What you are asked to do →
Leave the images out and repeat the data exactly as given.

[Saved entries]
===

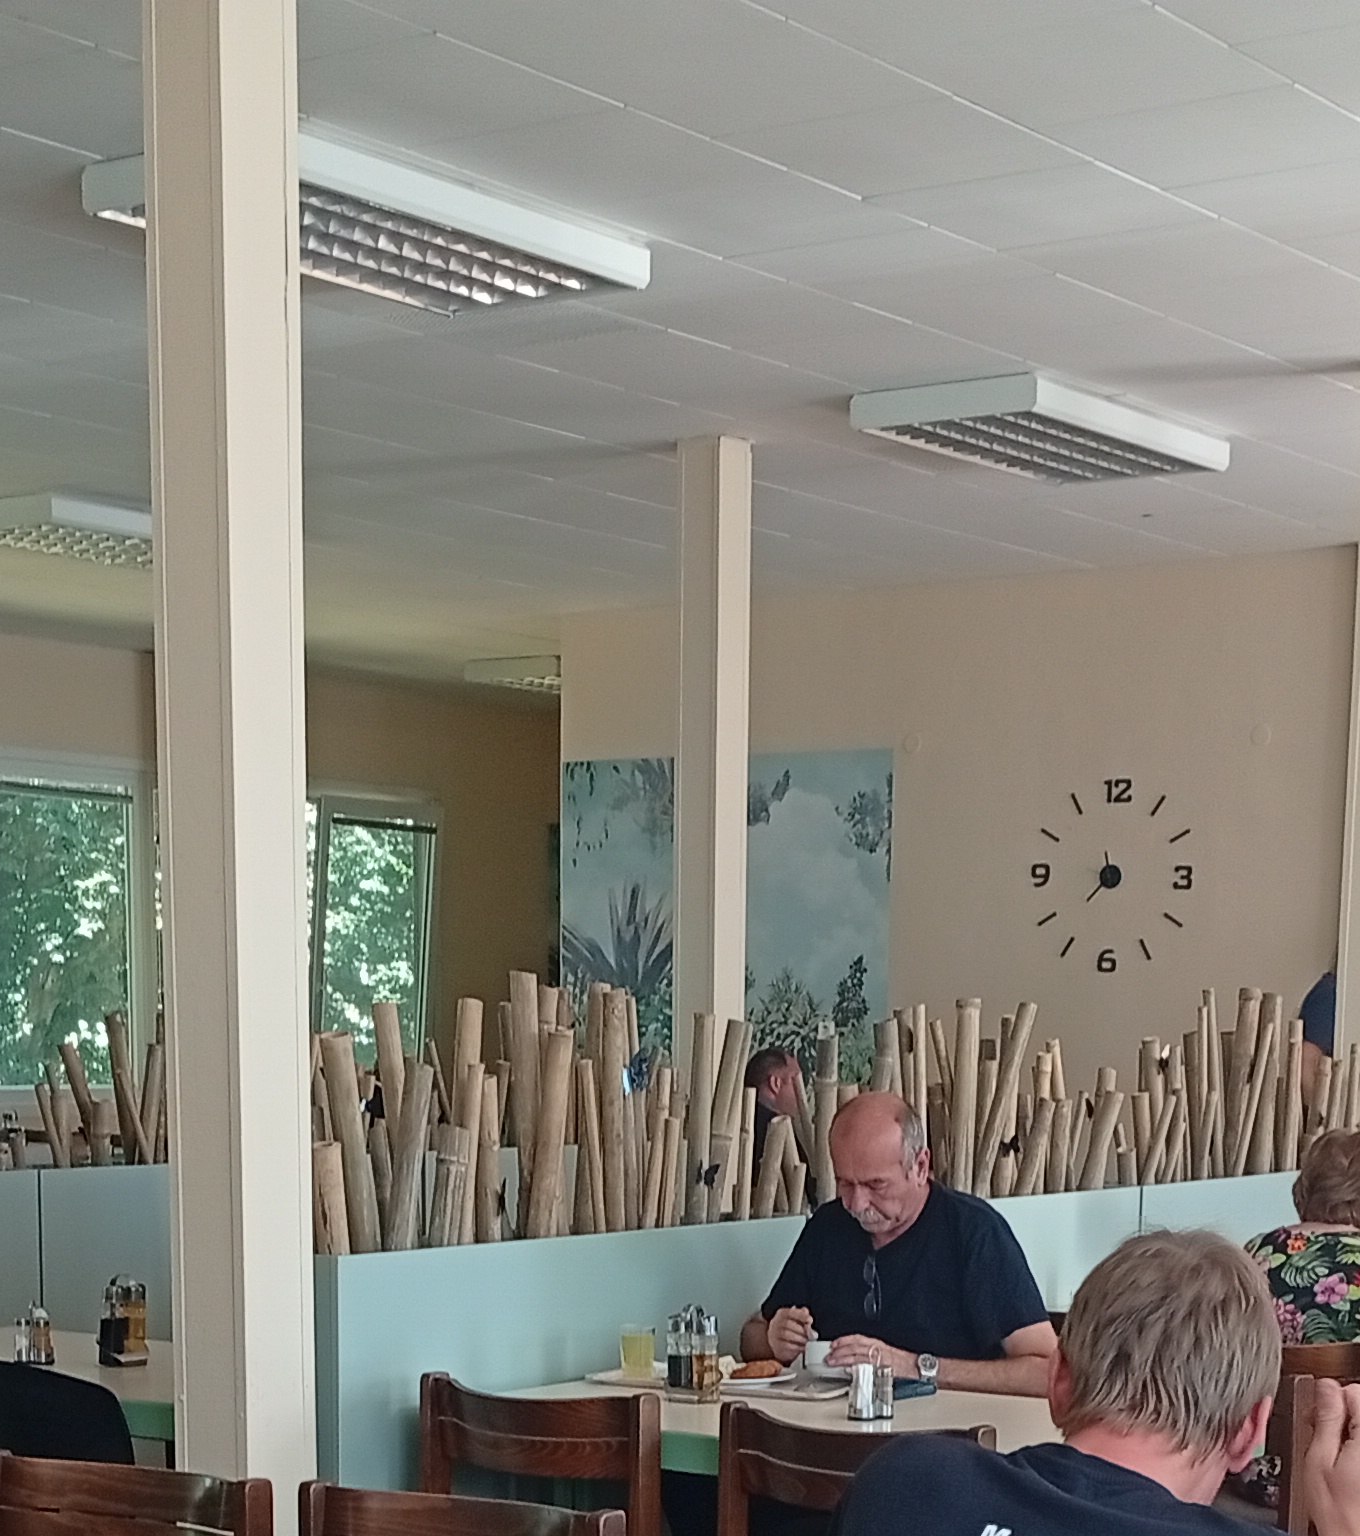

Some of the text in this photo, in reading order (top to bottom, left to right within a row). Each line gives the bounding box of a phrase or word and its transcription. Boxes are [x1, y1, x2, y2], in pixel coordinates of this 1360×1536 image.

[1104, 778, 1132, 804] 12
[1031, 863, 1051, 888] 9
[1172, 865, 1193, 890] 3
[1096, 949, 1117, 973] 6
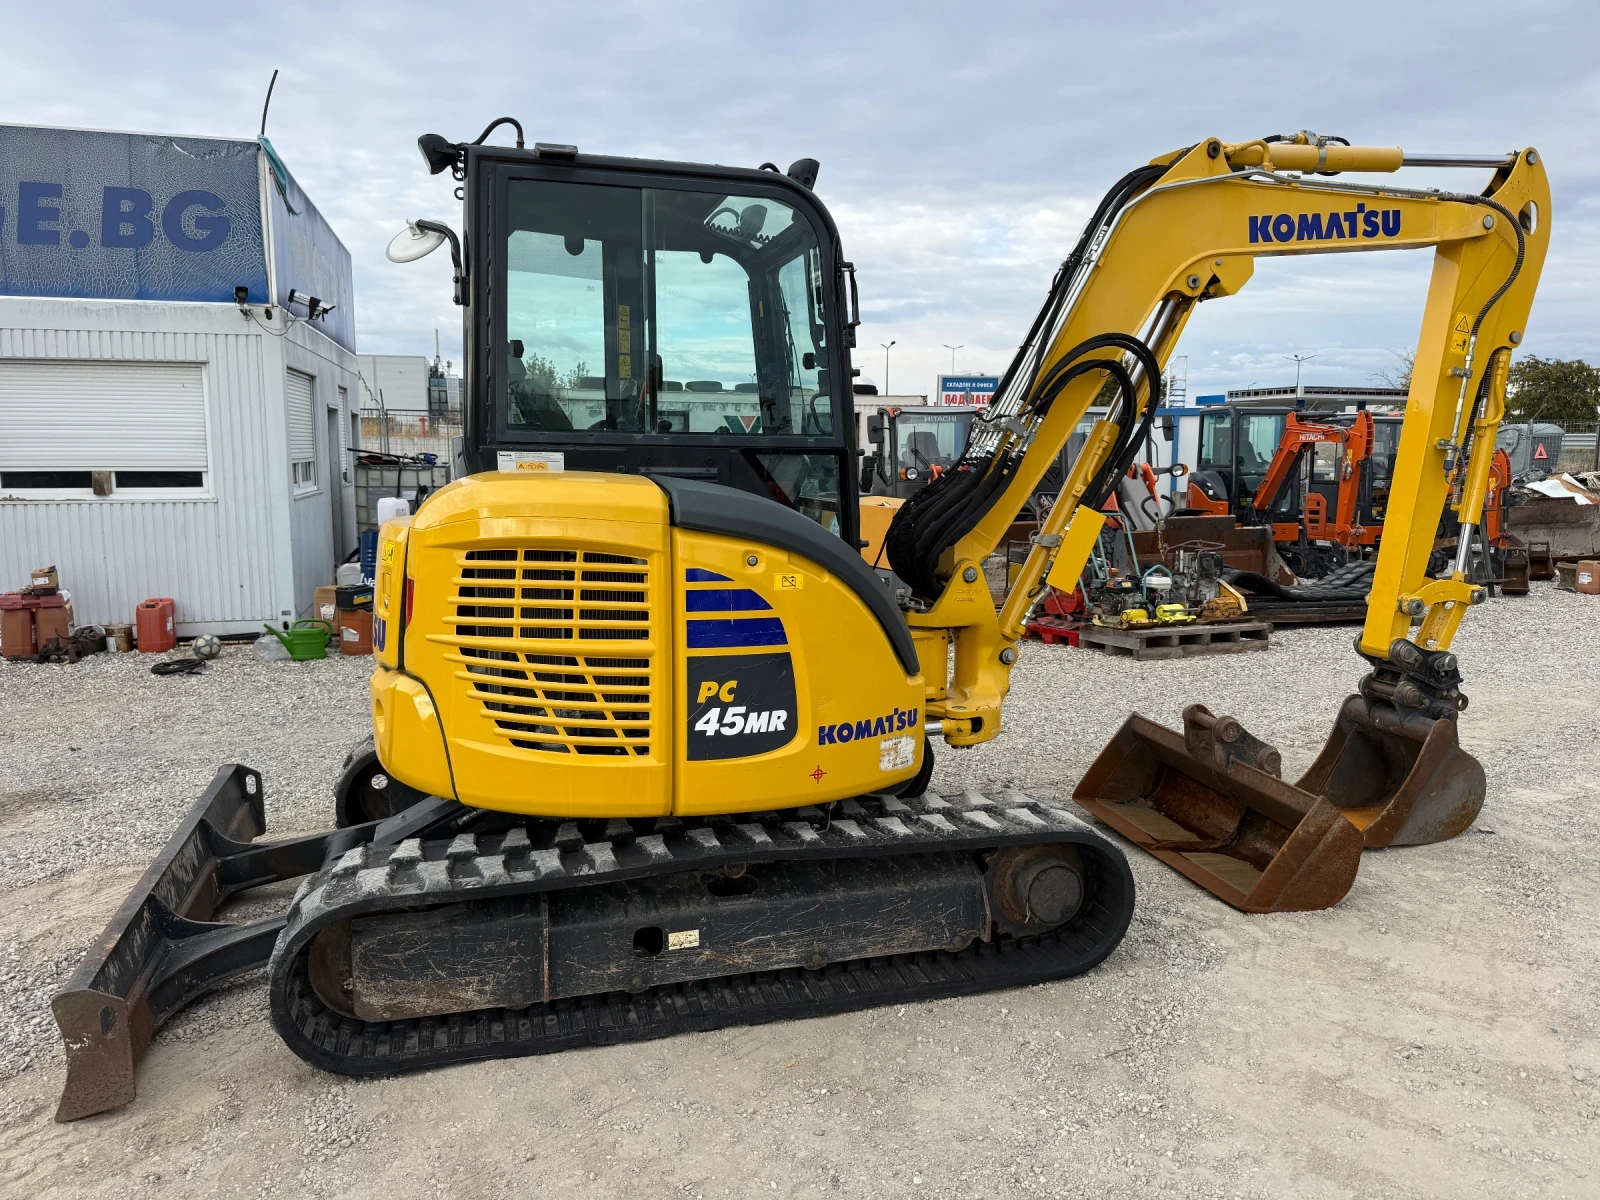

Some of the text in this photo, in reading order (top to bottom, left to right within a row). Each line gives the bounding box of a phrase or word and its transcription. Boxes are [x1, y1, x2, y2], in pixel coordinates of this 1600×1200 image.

[0, 181, 232, 251] E.BG
[1249, 203, 1401, 244] KOMATSU
[924, 415, 957, 423] HITACHI
[1299, 433, 1325, 441] HITACHI
[697, 680, 738, 704] PC
[694, 706, 788, 736] 45MR
[818, 707, 918, 746] KOMATSU

===

Reply to the task →
Some of the text in this photo, in reading order (top to bottom, left to right within a row). Each line gives the bounding box of a phrase or word and its transcription. Boxes are [x1, y1, x2, y2], in pixel coordinates of this 1360×1536 image.

[1104, 778, 1132, 804] 12
[1031, 863, 1051, 888] 9
[1172, 865, 1193, 890] 3
[1096, 949, 1117, 973] 6

Some of the text in this photo, in reading order (top to bottom, left to right within a row). Each line gives the bounding box of a phrase or word and its transcription. Boxes are [x1, y1, x2, y2], in pixel coordinates of this 1600×1200 image.

[0, 181, 232, 251] E.BG
[1249, 203, 1401, 244] KOMATSU
[924, 415, 957, 423] HITACHI
[1299, 433, 1325, 441] HITACHI
[697, 680, 738, 704] PC
[694, 706, 788, 736] 45MR
[818, 707, 918, 746] KOMATSU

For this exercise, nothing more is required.